(Stored entries)
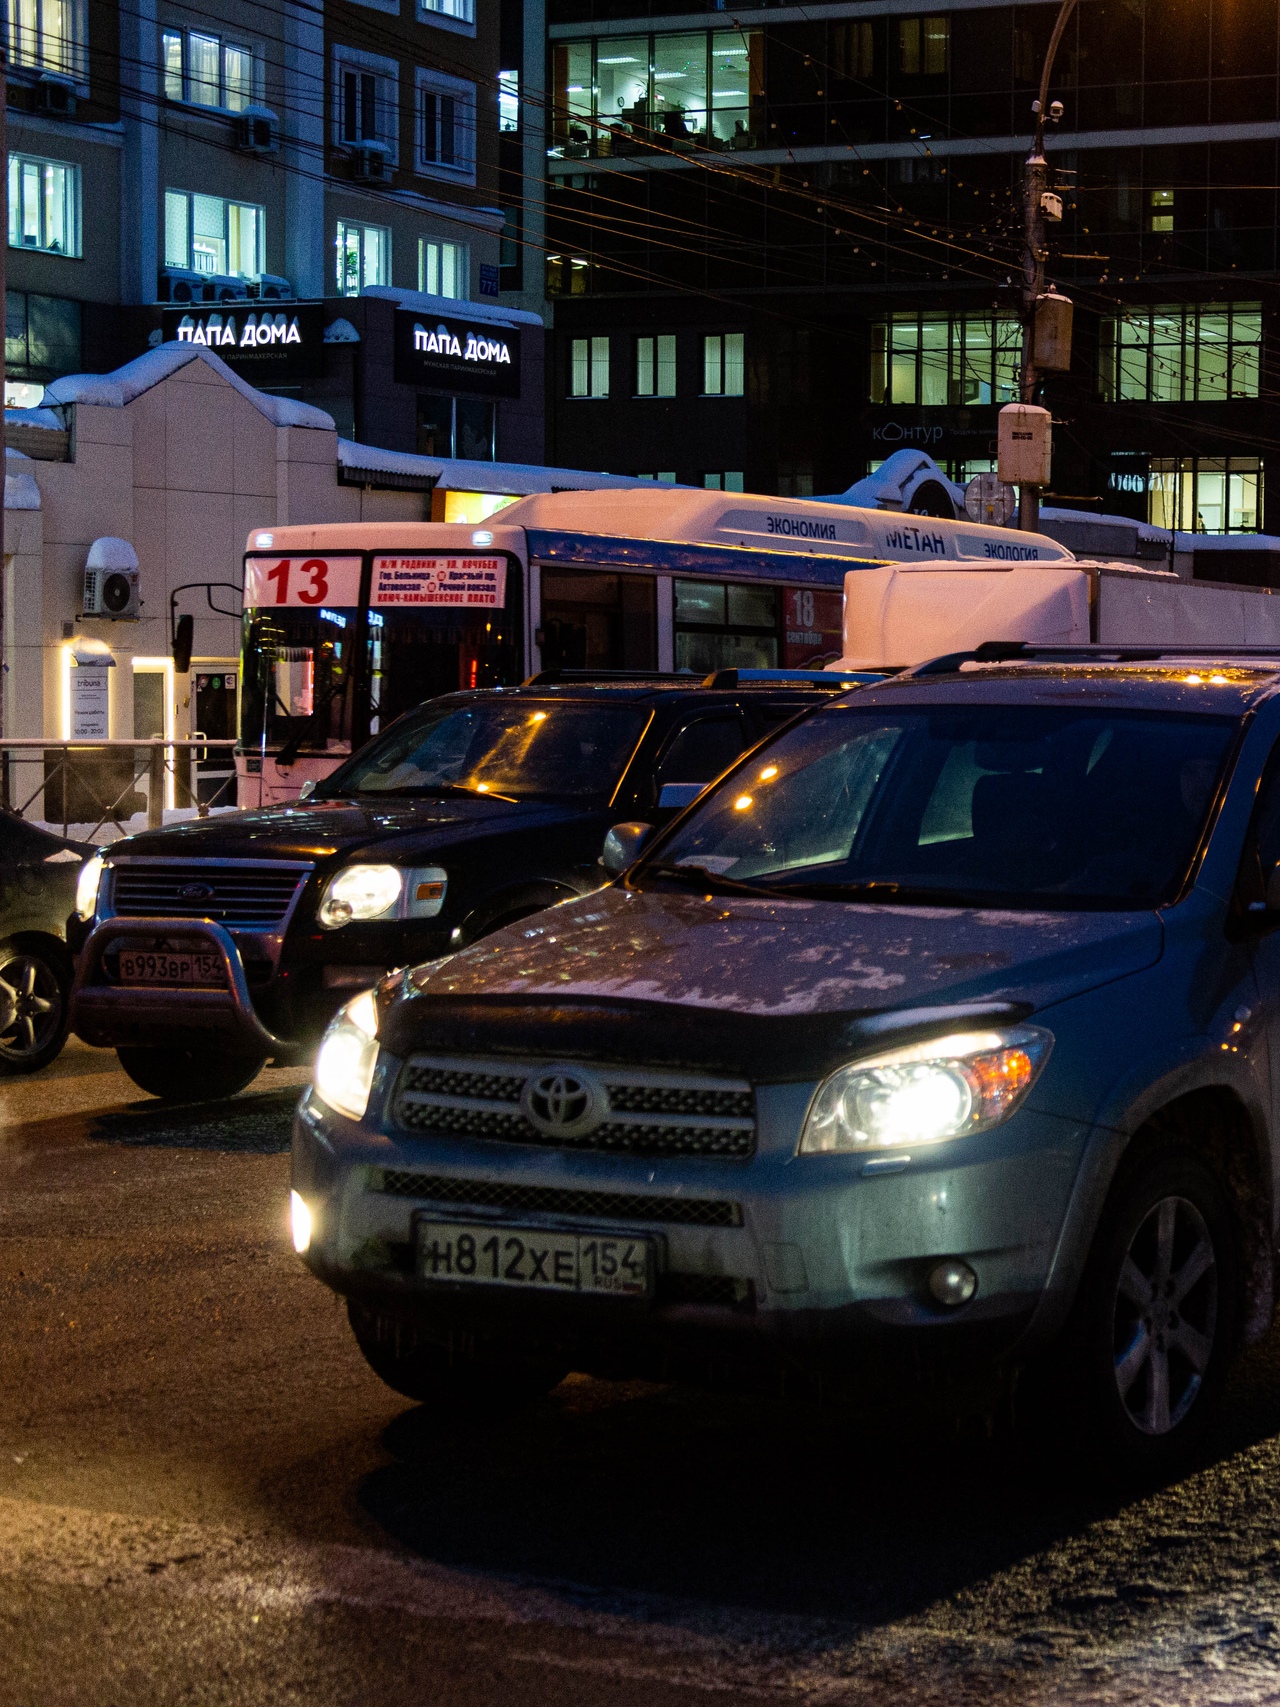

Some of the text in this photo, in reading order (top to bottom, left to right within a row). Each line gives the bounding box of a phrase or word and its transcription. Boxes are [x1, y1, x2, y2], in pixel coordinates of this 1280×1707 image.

[178, 323, 302, 347] ПАПА ДОМА
[226, 352, 288, 361] ПАРИКМАХЕРСКАЯ
[414, 330, 511, 364] ПАПА ДОМА
[423, 360, 497, 376] МУЖСКАЯ ПАРИКМАХЕРСКАЯ
[767, 516, 837, 541] ЭКОНОМИЯ
[886, 527, 946, 555] МЕТАН
[984, 543, 1039, 561] ЭКОЛОГИЯ
[401, 560, 436, 570] РОДНИКИ
[462, 560, 498, 569] КОЧУБЕЯ
[267, 559, 329, 604] 13
[394, 571, 430, 580] Больница
[449, 571, 483, 581] Красный
[378, 582, 496, 592] Автовокзал Речной вокзал
[467, 594, 496, 603] ПЛАТО
[793, 590, 814, 627] 18
[78, 679, 100, 687] tribuna
[125, 955, 223, 979] В993ВР 154
[431, 1233, 643, 1284] Н812ХЕ 154
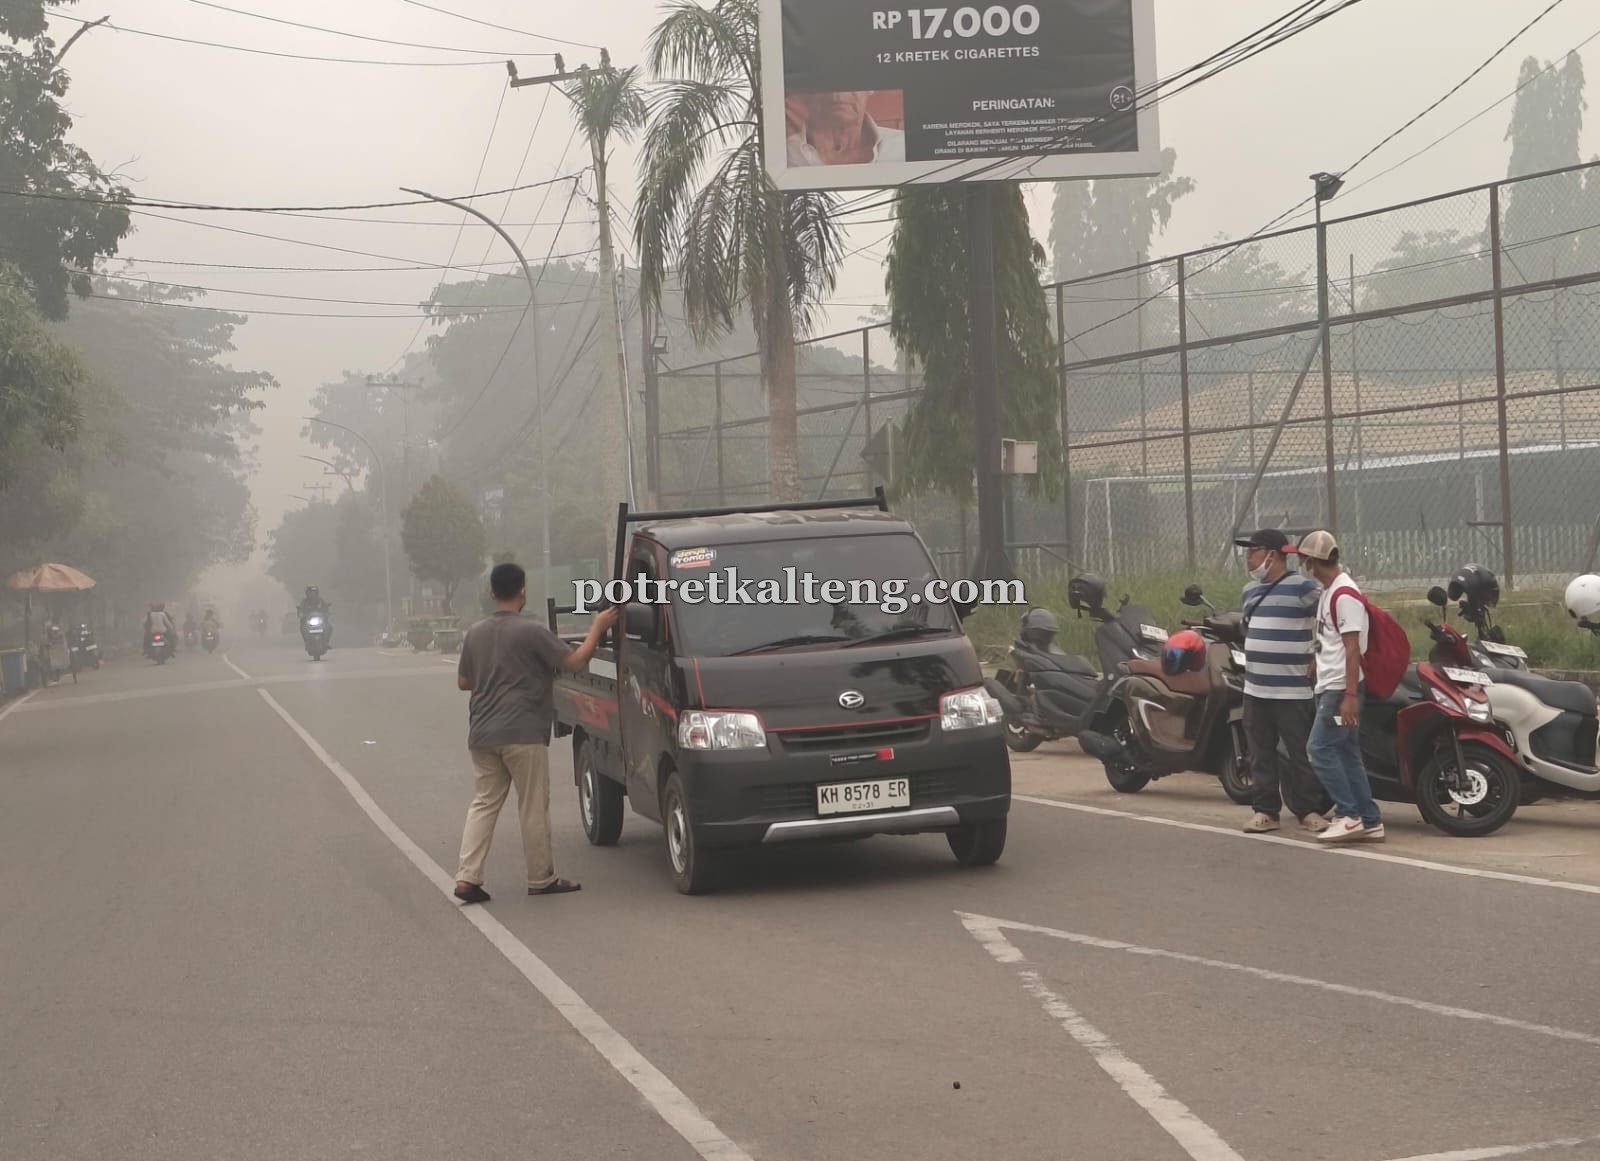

▸ Description of the task
What you return must match the data above exactly, with no images included.

▸ Written response
Some of the text in this photo, in reading order (top to bottom, left to right within a row). Each line gives the bounding box of a phrase or word and its transcription. Boxes are [x1, y1, x2, y2], in pixel coordinates of this 1280×1707 image.

[178, 323, 302, 347] ПАПА ДОМА
[226, 352, 288, 361] ПАРИКМАХЕРСКАЯ
[414, 330, 511, 364] ПАПА ДОМА
[423, 360, 497, 376] МУЖСКАЯ ПАРИКМАХЕРСКАЯ
[767, 516, 837, 541] ЭКОНОМИЯ
[886, 527, 946, 555] МЕТАН
[984, 543, 1039, 561] ЭКОЛОГИЯ
[401, 560, 436, 570] РОДНИКИ
[462, 560, 498, 569] КОЧУБЕЯ
[267, 559, 329, 604] 13
[394, 571, 430, 580] Больница
[449, 571, 483, 581] Красный
[378, 582, 496, 592] Автовокзал Речной вокзал
[467, 594, 496, 603] ПЛАТО
[793, 590, 814, 627] 18
[78, 679, 100, 687] tribuna
[125, 955, 223, 979] В993ВР 154
[431, 1233, 643, 1284] Н812ХЕ 154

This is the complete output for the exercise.